Every record should be written out exactly, with the pictures left out.

++++ DATA SUPPLIED

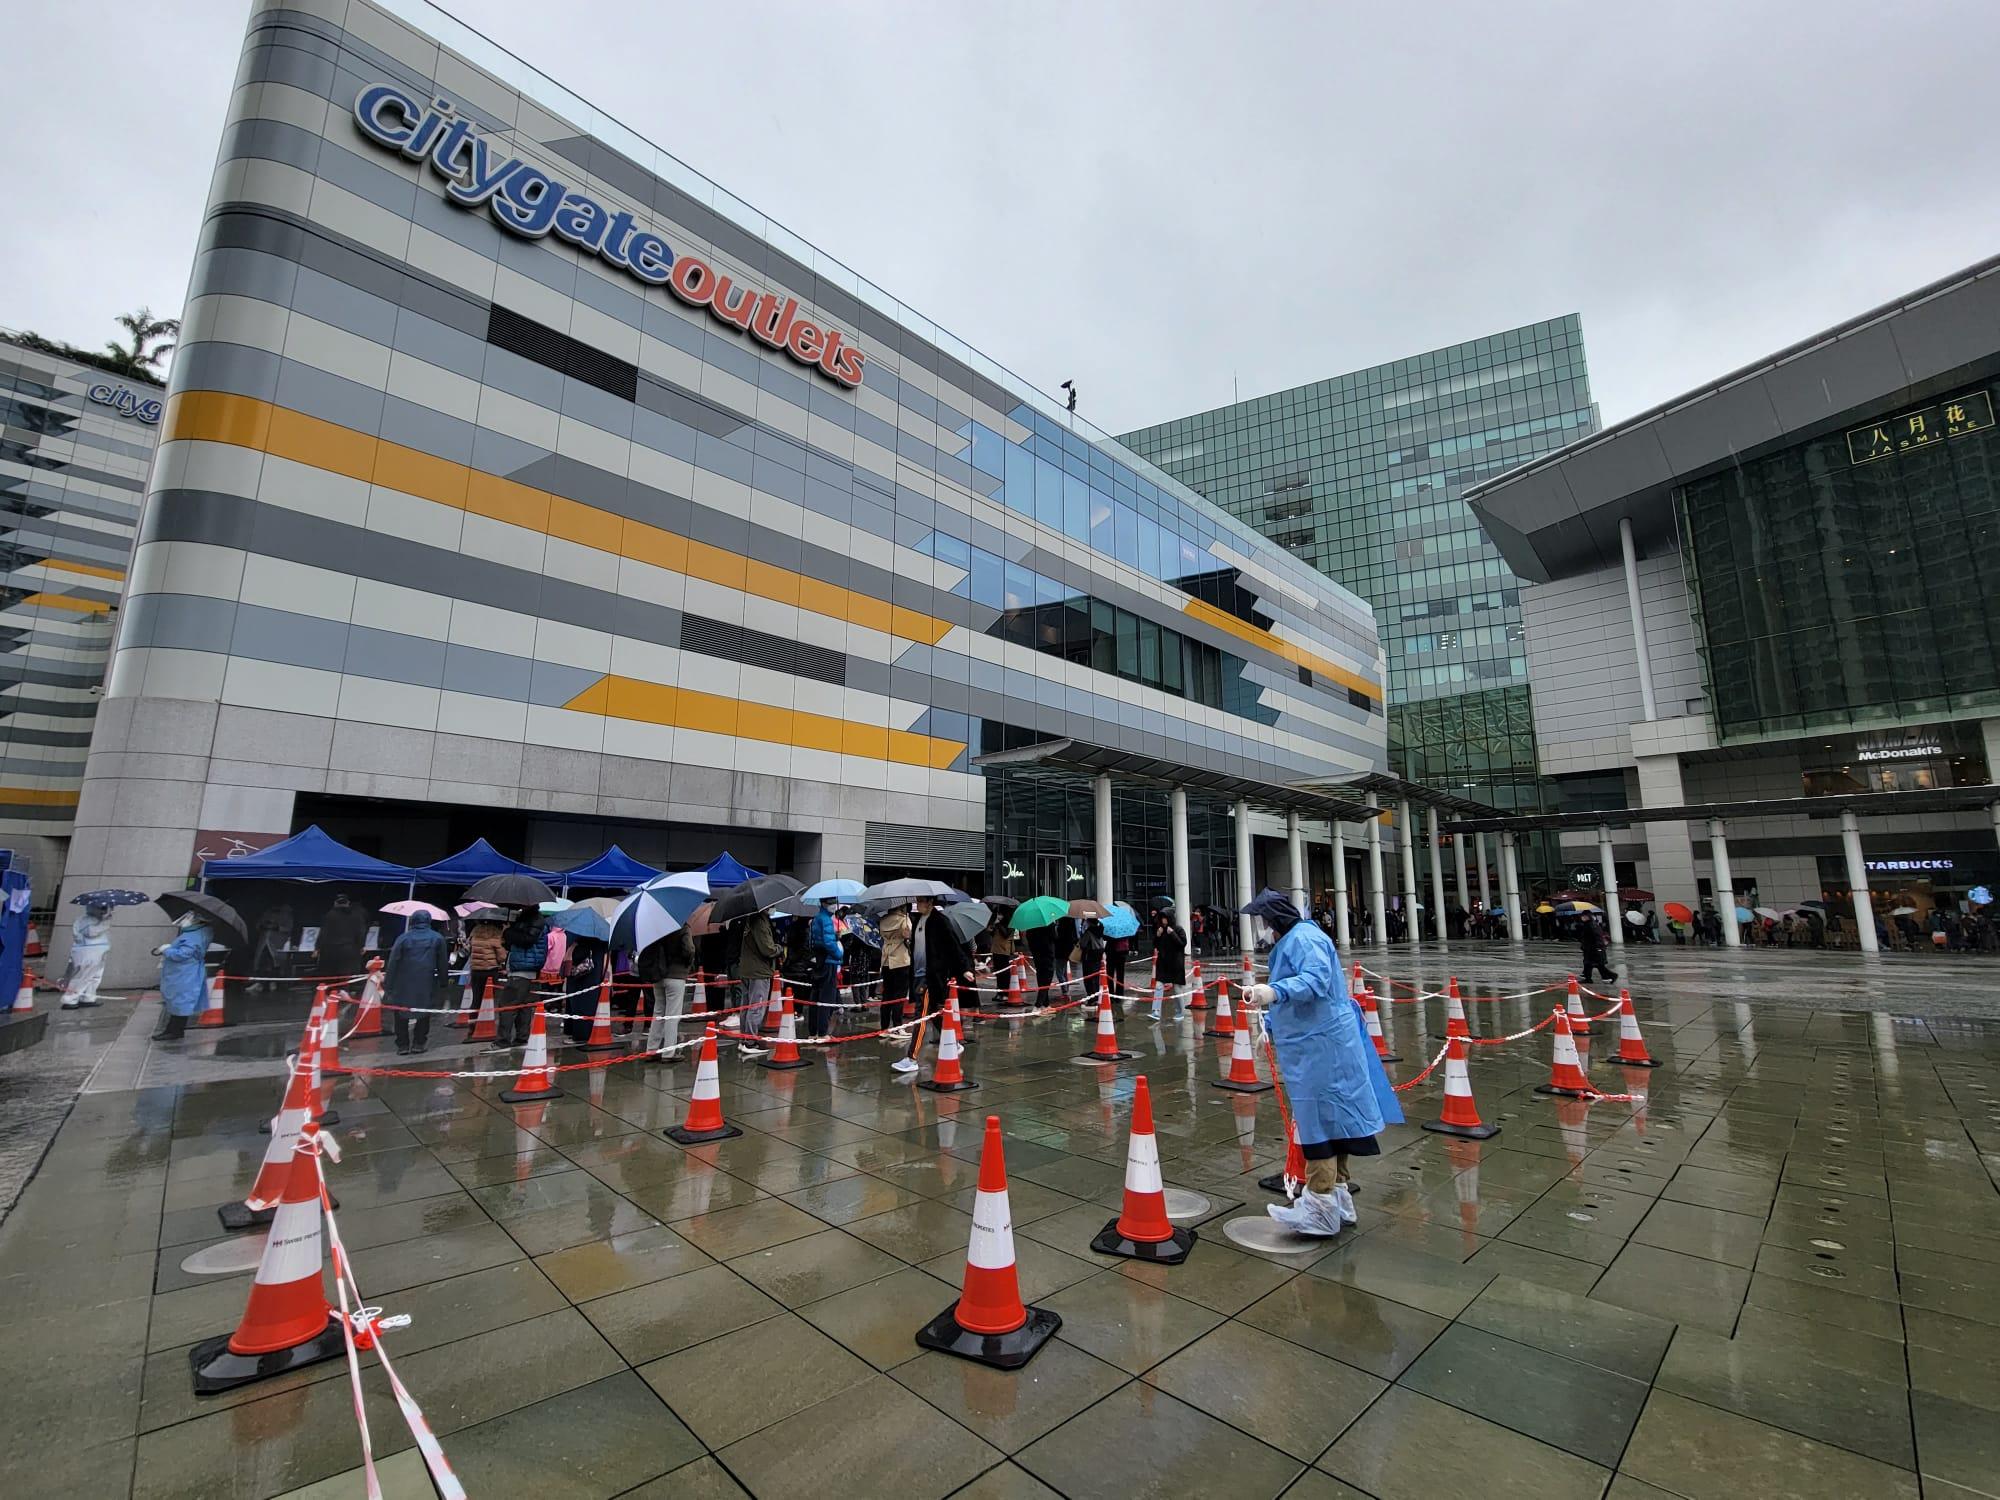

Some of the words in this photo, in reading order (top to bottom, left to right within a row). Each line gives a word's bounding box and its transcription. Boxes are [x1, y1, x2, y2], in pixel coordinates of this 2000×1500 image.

[1872, 404, 1965, 446] 八月花
[1868, 420, 1978, 457] JASMINE
[1858, 746, 1942, 760] McDonald's
[1864, 859, 1954, 870] TARBUCKS
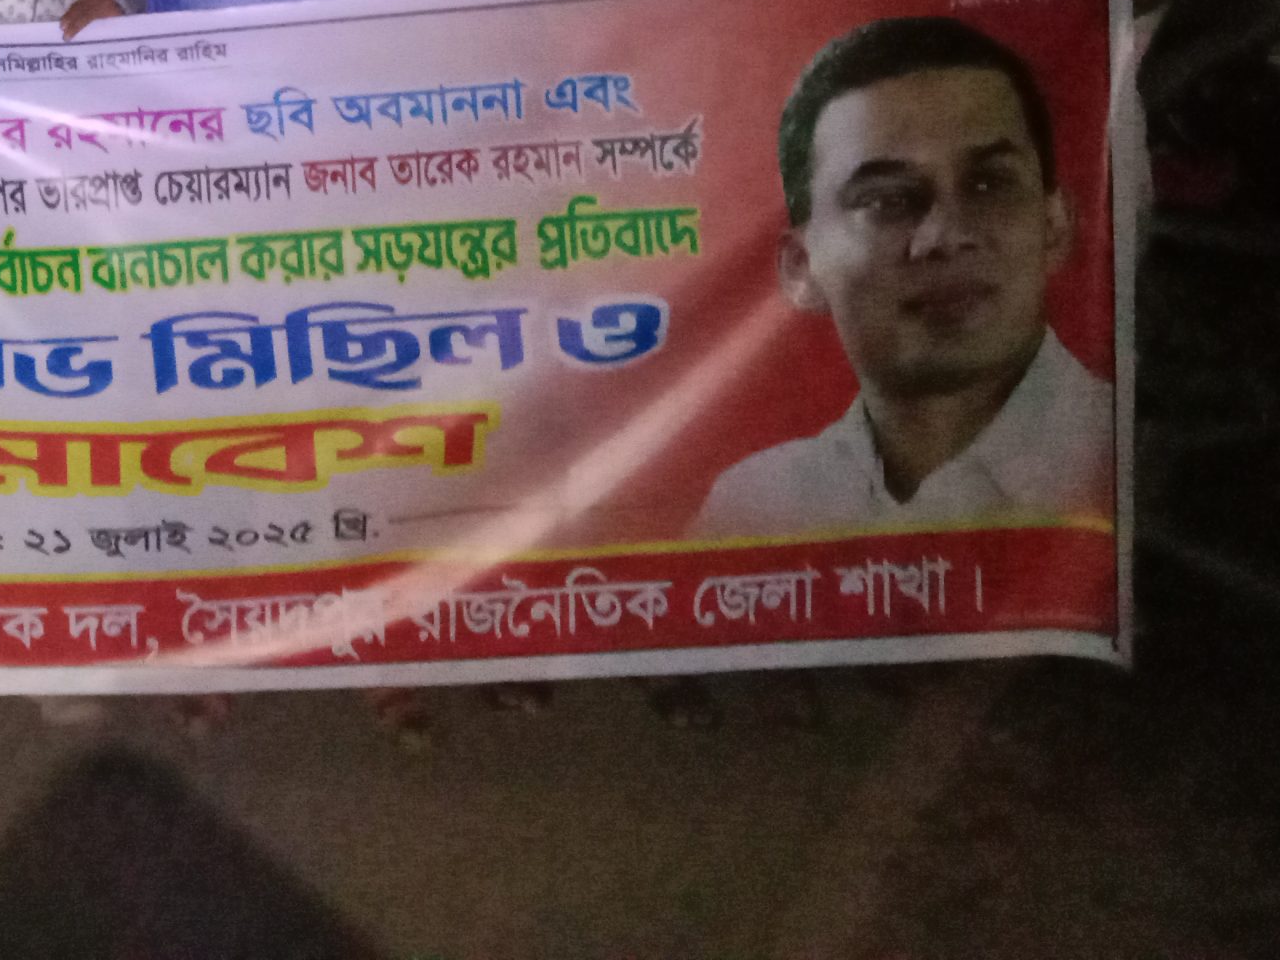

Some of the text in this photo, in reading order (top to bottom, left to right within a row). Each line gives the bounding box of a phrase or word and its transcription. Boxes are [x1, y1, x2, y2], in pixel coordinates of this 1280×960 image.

[240, 86, 317, 139] ছবি
[332, 76, 524, 130] অবমাননা
[544, 74, 639, 114] এবং
[35, 169, 143, 212] ভারপ্রাপ্ত
[154, 163, 292, 206] চেয়ারম্যান
[302, 155, 378, 196] জনাব
[388, 147, 481, 190] তারেক
[491, 139, 581, 181] রহমান
[592, 117, 700, 174] সম্পর্কে
[87, 238, 230, 292] বানচাল
[235, 230, 347, 285] করার
[537, 194, 700, 271] প্রতিবাদে
[140, 300, 528, 395] মিছিল
[557, 297, 668, 365] ও
[23, 527, 73, 555] ২১
[88, 518, 192, 558] জুলাই
[207, 521, 316, 553] ২০২৫
[408, 566, 673, 643] রাজনৈতিক
[692, 562, 822, 625] জেলা
[835, 553, 953, 618] শাখা
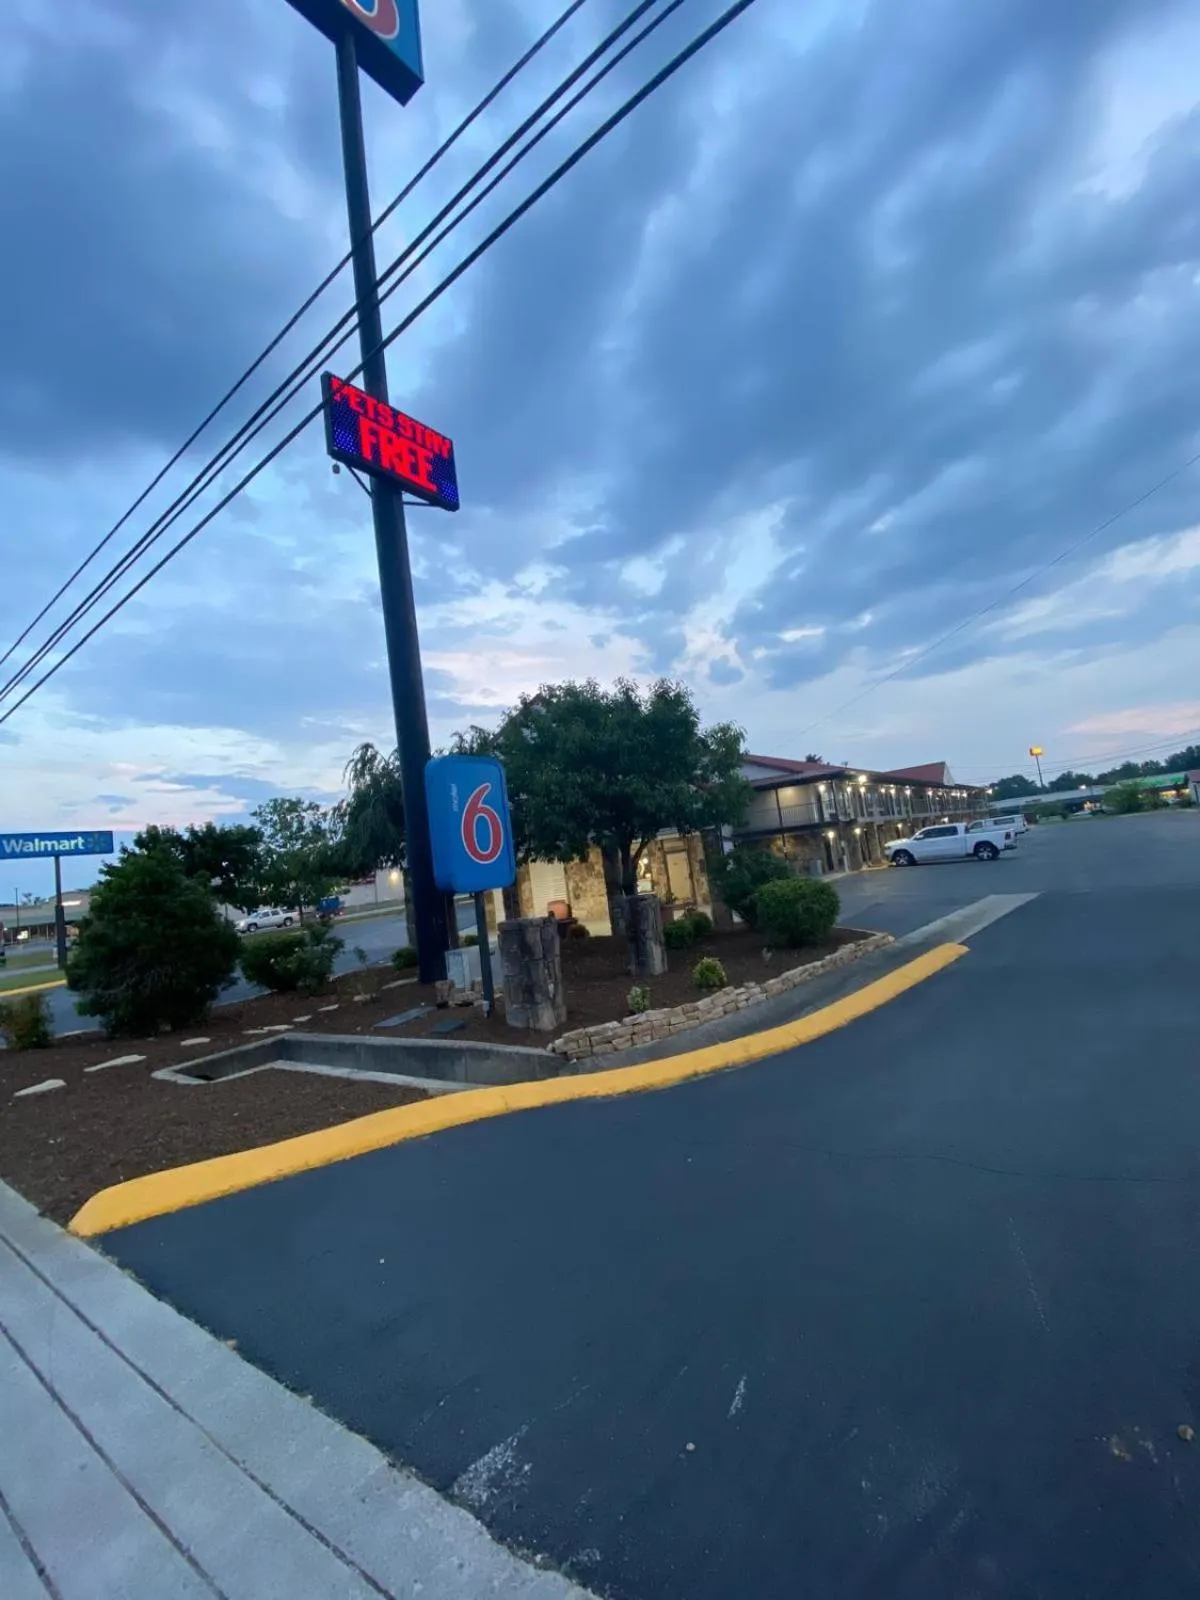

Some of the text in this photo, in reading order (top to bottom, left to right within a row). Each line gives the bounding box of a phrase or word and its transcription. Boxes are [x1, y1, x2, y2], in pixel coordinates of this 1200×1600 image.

++++++++

RESULT OF THE TASK:
Some of the words in this photo, in reading order (top to bottom, left to right within a row). Each line gives a word's bounding box and its transcription. Boxes are [x1, y1, x2, y2], in pixel coordinates of this 2000×1500 image.

[1872, 404, 1965, 446] 八月花
[1868, 420, 1978, 457] JASMINE
[1858, 746, 1942, 760] McDonald's
[1864, 859, 1954, 870] TARBUCKS

Some of the text in this photo, in reading order (top to bottom, left to right within a row). Each line gives the bounding box of a phrase or word and its transcription. Boxes are [x1, y1, x2, y2], in pixel coordinates of this 1280×960 image.

[240, 86, 317, 139] ছবি
[332, 76, 524, 130] অবমাননা
[544, 74, 639, 114] এবং
[35, 169, 143, 212] ভারপ্রাপ্ত
[154, 163, 292, 206] চেয়ারম্যান
[302, 155, 378, 196] জনাব
[388, 147, 481, 190] তারেক
[491, 139, 581, 181] রহমান
[592, 117, 700, 174] সম্পর্কে
[87, 238, 230, 292] বানচাল
[235, 230, 347, 285] করার
[537, 194, 700, 271] প্রতিবাদে
[140, 300, 528, 395] মিছিল
[557, 297, 668, 365] ও
[23, 527, 73, 555] ২১
[88, 518, 192, 558] জুলাই
[207, 521, 316, 553] ২০২৫
[408, 566, 673, 643] রাজনৈতিক
[692, 562, 822, 625] জেলা
[835, 553, 953, 618] শাখা

Some of the text in this photo, in reading order (top to bottom, left to right within a row). Each line gives the bounding box of a phrase or word and its transcription. Boxes are [x1, y1, x2, y2], in pixel coordinates of this 1200×1600 image.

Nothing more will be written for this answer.